Some hospital corridors have a particular kind of quiet—until you hear the click of a monitor alarm and suddenly everyone moves faster. In Nashville, a situation like that became part of a story about transfusions, donor rules, and the stubborn power of misinformation.

At Vanderbilt University Medical Center, Misryoum newsroom reported that patients needing blood transfusions were sometimes asking for a very specific kind of donation: blood that came from donors who had not been vaccinated against covid-19. The hospital has now publicly described how these requests affected care, including delays that contributed to a life-threatening reaction in at least one case.

Misryoum analysis indicates the requests were “often driven by misinformation about vaccine safety and the blood supply,” rather than by evidence-based concerns. Jeremy Jacobs, at Vanderbilt University Medical Center in Nashville, Tennessee, pointed to the broader system behind donated blood—how the community blood supply is already highly regulated and carefully screened, and how there is no evidence that requesting unvaccinated blood improves transfusion safety.

To understand what was happening in practice, Jacobs and colleagues analysed blood donations recorded at the Vanderbilt centre between January 2024 and December 2025. They found 15 patients—or their caregivers—who asked for directed donations, where a blood donation is given by a chosen person, often a relative, instead of being pulled from a blood bank. Directed donations are only permitted in the UK and Australia under exceptional circumstances, such as if someone has a rare blood type and a suitable blood-bank donor isn’t available. In the US, it’s allowed more broadly, but discouraged, with policies varying widely between centres.

Here’s the key detail: all 15 patients requested directed donations specifically because they wanted blood from a donor who they knew had not been vaccinated against covid-19. The snag is that the vaccination status of anonymised donors isn’t recorded or conveyed by blood banks, so the usual system can’t (and doesn’t try to) match transfusions to a donor’s vaccine history. And when patients insist anyway, it changes the workflow. The researchers found the requests led to treatment delays that put patients at risk—one extreme example involved a patient’s haemoglobin level reaching a critical point, which can cause organ injury and failure. Another patient developed anaemia.

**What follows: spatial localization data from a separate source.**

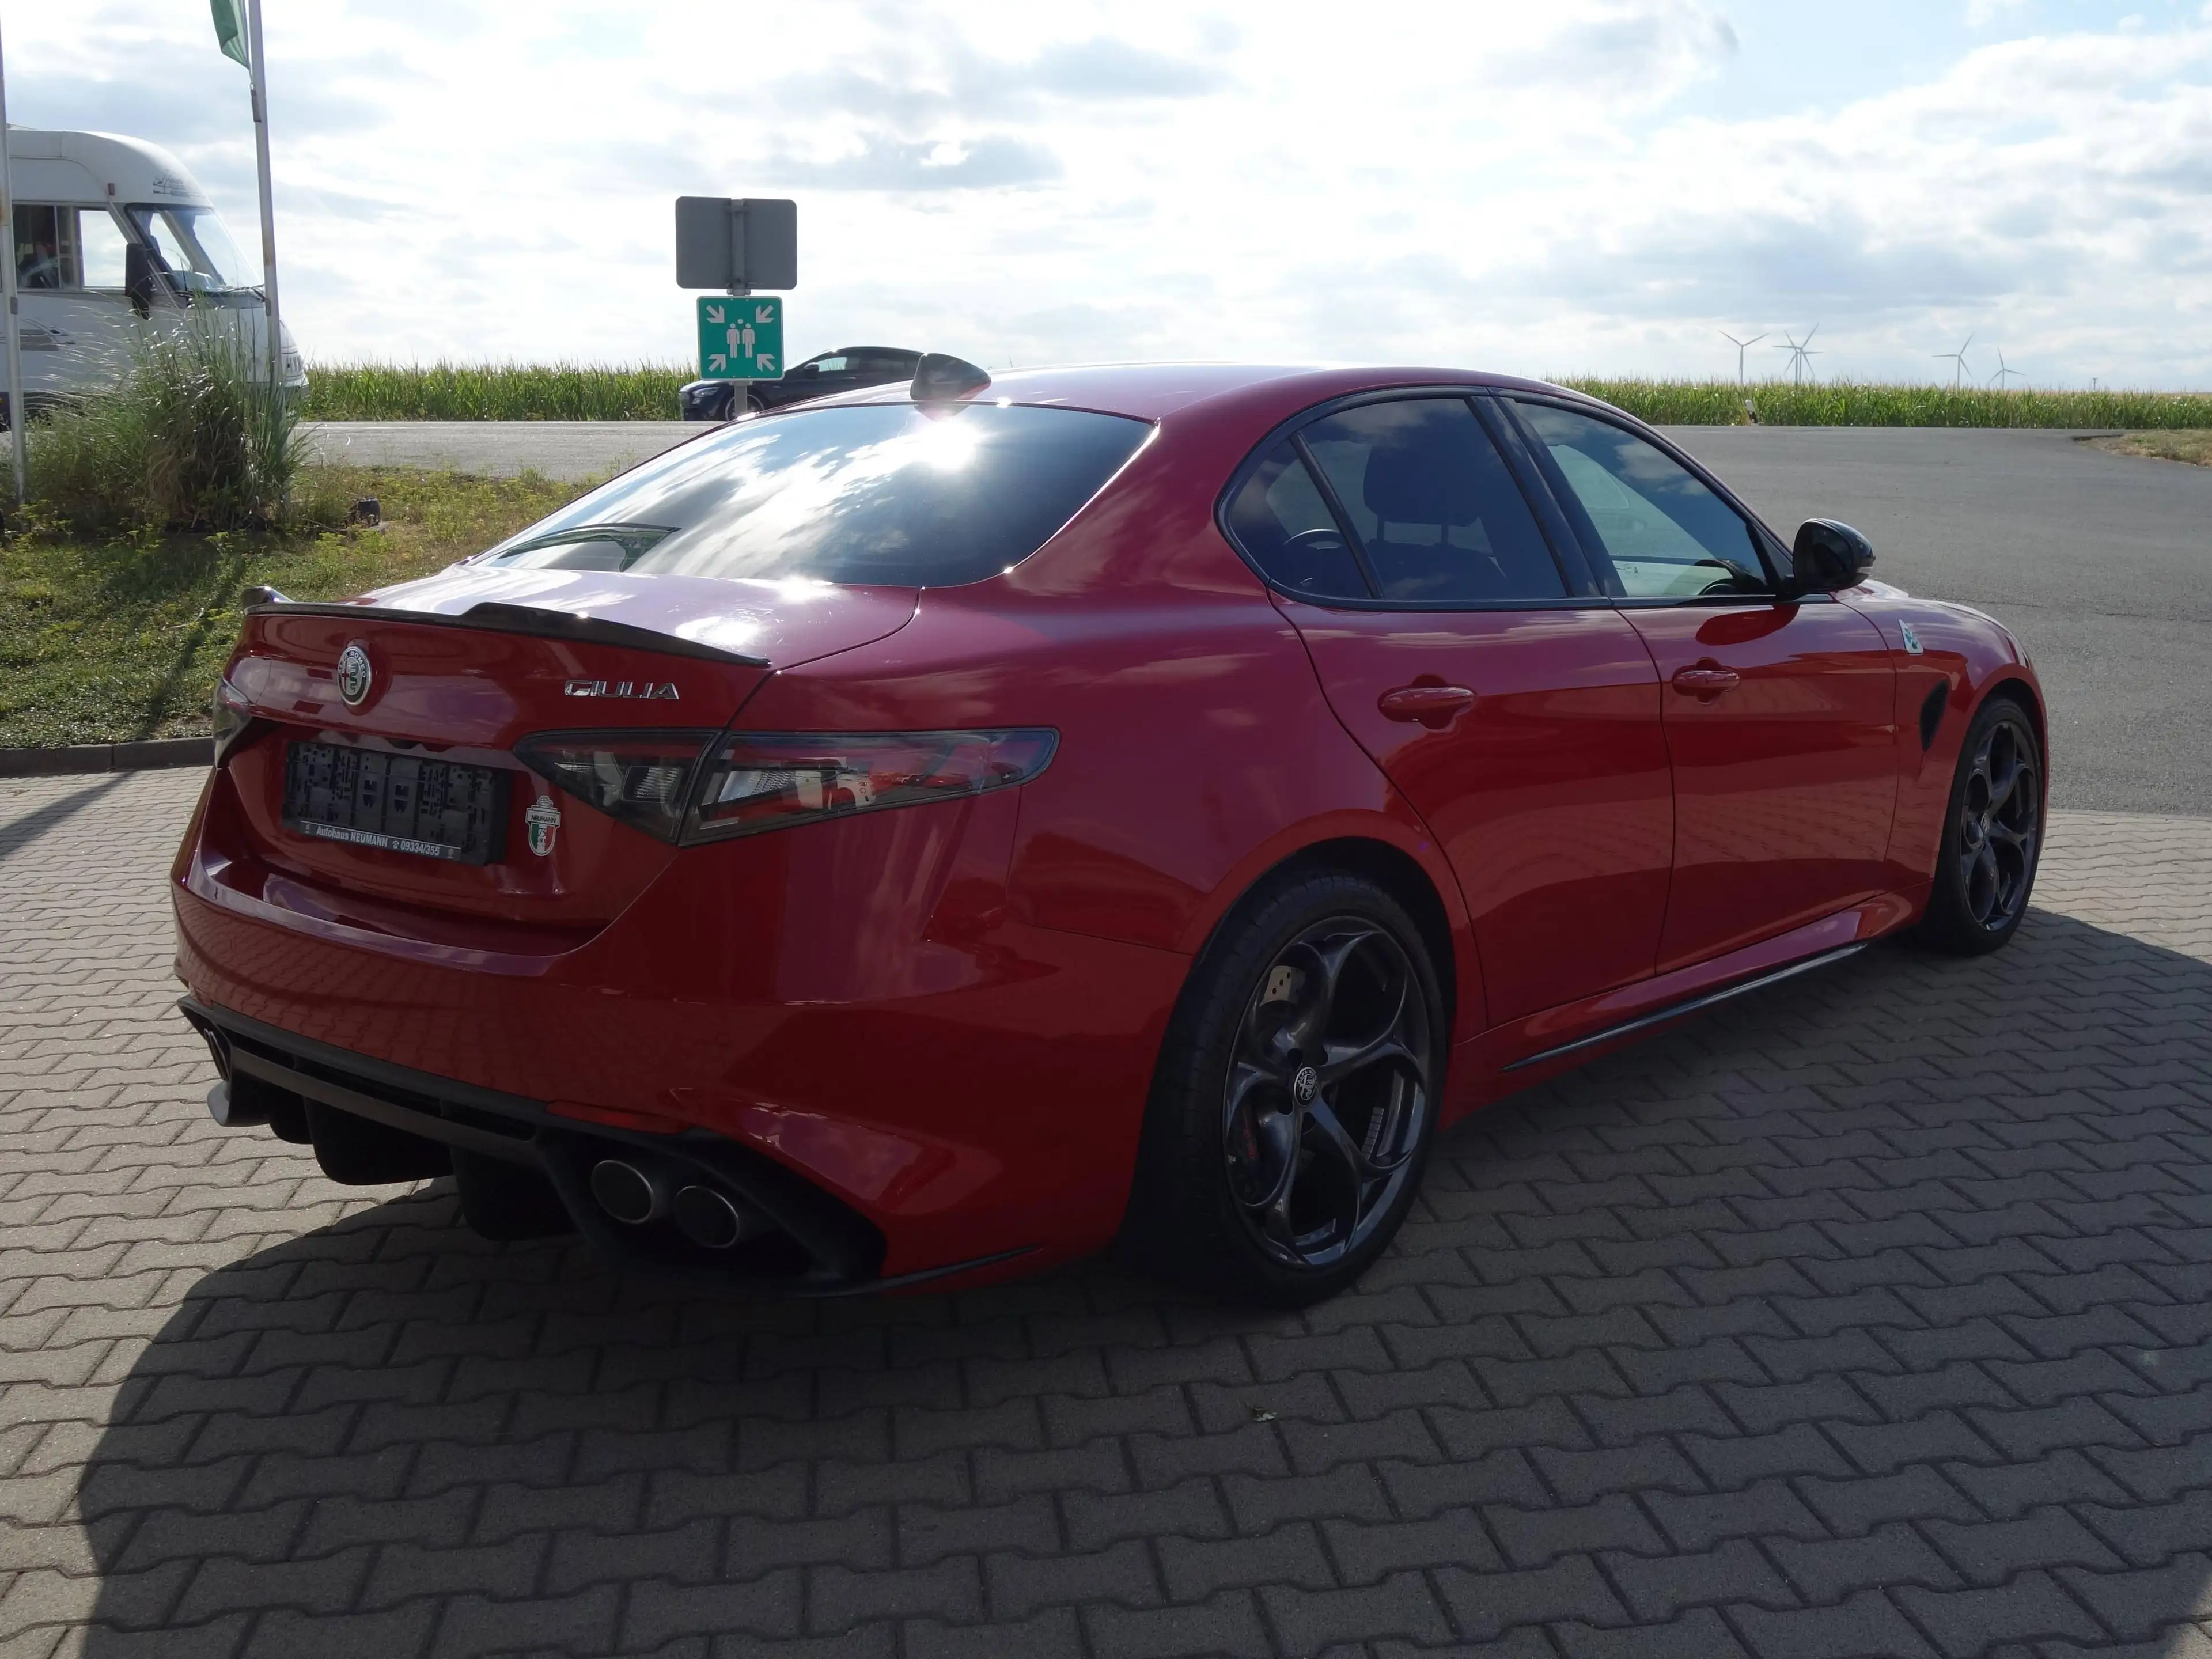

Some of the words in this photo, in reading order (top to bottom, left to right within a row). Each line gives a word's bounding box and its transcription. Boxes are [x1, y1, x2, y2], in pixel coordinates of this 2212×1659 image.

[350, 651, 366, 678] ROMEO
[565, 680, 679, 700] GIULIA
[531, 814, 556, 824] NEUMANN
[316, 825, 349, 840] Autohaus
[350, 831, 388, 847] NEUMANN
[400, 840, 440, 856] 09334/355

Misryoum newsroom reporting also notes that directed donation is operationally more complex than using routine blood supplies. It takes more coordination, additional collection, processing, tracking, and timing. And while blood is screened before transfusion, direct donations have also been linked to a higher infection risk—because they are often one-off donations, rather than repeat community donations where donors might be known to blood banks and may be more cautious about exposure.

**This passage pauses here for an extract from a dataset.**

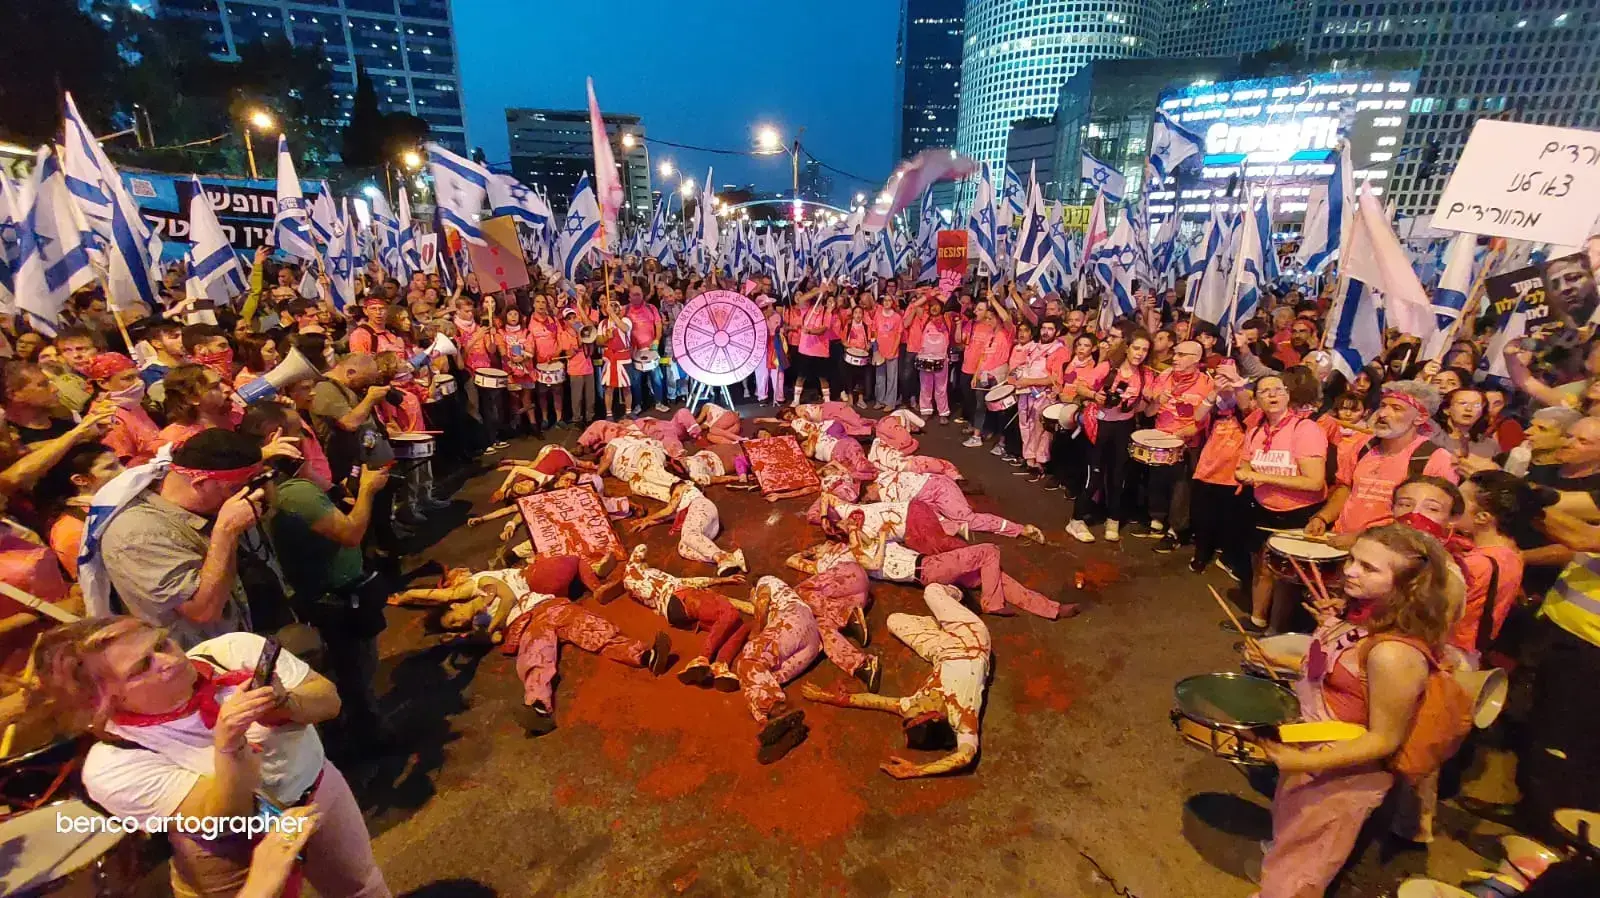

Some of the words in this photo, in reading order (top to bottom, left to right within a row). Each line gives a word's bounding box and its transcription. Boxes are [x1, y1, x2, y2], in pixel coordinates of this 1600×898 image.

[1506, 171, 1543, 192] לנו
[1539, 174, 1575, 197] צאו
[1446, 202, 1542, 228] מהוורידים
[938, 246, 967, 258] RESIST

This debate isn’t new in medical history, either. Directed donation became more prominent during the HIV/AIDS epidemic in the 1980s and early 1990s, then resurfaced again when mRNA covid-19 vaccines became available. These vaccines work by injecting part of SARS-CoV-2’s genetic code so the body produces one of its proteins; the immune system then reacts and helps clear cells with that protein if the person later catches the virus. Research has repeatedly shown the vaccines are safe and highly effective—but misinformation has wrongly linked them to fertility problems and other health issues, and conspiracy theories have even claimed the vaccines contain a microchip and affect DNA.

Misryoum newsroom analysis also points to confirmation that’s been growing elsewhere: in 2025, a study found that receiving blood donations from people vaccinated against covid-19 is safe. “Requests for unvaccinated blood reflect broader uncertainty about vaccines among a proportion of the public, rather than any recognised transfusion risk,” said Ash Toye at the University of Bristol, UK. Meanwhile, Misryoum editorial desk noted that the Welsh Blood Service said last year that people were asking about donors’ vaccination status, and that there was a rejected petition to split blood donations by vaccination status. Still, in Oklahoma, legislators proposed mandating that patients have access to unvaccinated blood—so the pressure may not be easing anytime soon.

Overall, the Vanderbilt experience is a reminder of how misinformation can create real operational burdens for patients, hospitals, and blood providers. Jacobs’ message is also pretty clear: address concerns respectfully and thoughtfully, even when they aren’t supported by evidence. And—actually, it’s hard to say whether that’s going to be enough by itself, especially when the system can’t reliably sort donors by vaccine history without compromising safety and speed.